Case Study: AI-powered recommendation algorithm
Does AI-powered recommendation algorithm boost engagement of your users?
Project: Developing a recommendation algorithm to increase engagement on a social network
In the world of social networking, user engagement is a key success factor. One of the most effective ways to increase engagement is through personalised content recommendations. By delivering content that matches users' interests and behaviours, social networks can keep users engaged, increase time spent on the platform, and drive growth and revenue. This case study explores the development and results of a recommendation algorithm designed to transform the user experience on a social network.
Challenge: Increase user engagement through personalised content
Our client, a social networking platform, was faced with the challenge of low user engagement. To address this challenge, the client needed a sophisticated recommendation algorithm capable of delivering highly personalised content to each user. The goal was to create an algorithm that could understand users' interests, behaviours and interactions in order to suggest content that would keep them engaged and active on the platform.

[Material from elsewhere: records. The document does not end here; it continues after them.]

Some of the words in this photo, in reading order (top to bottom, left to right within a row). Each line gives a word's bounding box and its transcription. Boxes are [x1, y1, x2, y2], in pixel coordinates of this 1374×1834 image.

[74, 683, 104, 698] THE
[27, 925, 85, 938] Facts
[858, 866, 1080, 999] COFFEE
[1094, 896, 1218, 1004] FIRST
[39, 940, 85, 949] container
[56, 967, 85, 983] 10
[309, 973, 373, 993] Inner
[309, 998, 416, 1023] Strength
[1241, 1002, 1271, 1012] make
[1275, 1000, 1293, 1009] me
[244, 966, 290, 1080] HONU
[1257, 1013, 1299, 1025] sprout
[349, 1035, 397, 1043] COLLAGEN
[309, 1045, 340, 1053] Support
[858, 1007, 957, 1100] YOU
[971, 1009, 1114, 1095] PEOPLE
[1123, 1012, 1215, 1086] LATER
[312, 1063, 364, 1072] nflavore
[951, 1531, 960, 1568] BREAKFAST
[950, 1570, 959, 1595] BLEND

Solution: AI recommendation algorithm
To develop an effective recommendation algorithm, we worked closely with the client to understand their specific needs and challenges. Our approach focused on using advanced machine learning techniques and embedding models to create a robust and scalable recommendation system.
Key components of the recommendation algorithm:
User and content embeddings: We used embedding models to represent users and content in a high-dimensional vector space. By capturing the underlying relationships between users and content, the embeddings allowed us to effectively measure similarity and relevance.

Behavioural analysis: We analysed users' interactions, such as likes, comments and viewing history, to understand their interests.
Content analysis: We used natural language processing (NLP) techniques to analyse the content of posts, including text, images and videos. By extracting meaningful features from the content, we ensured that the algorithm could accurately match users with relevant posts.
Collaborative filtering: We implemented collaborative filtering techniques to identify patterns and similarities between users.
Success: Increased engagement and user satisfaction
The implementation of the recommendation algorithm led to significant improvements in user engagement and satisfaction. Key achivements included: Increased time spent on the platform, Higher interaction rates, Reduced churn, and increased engagement on platform overall.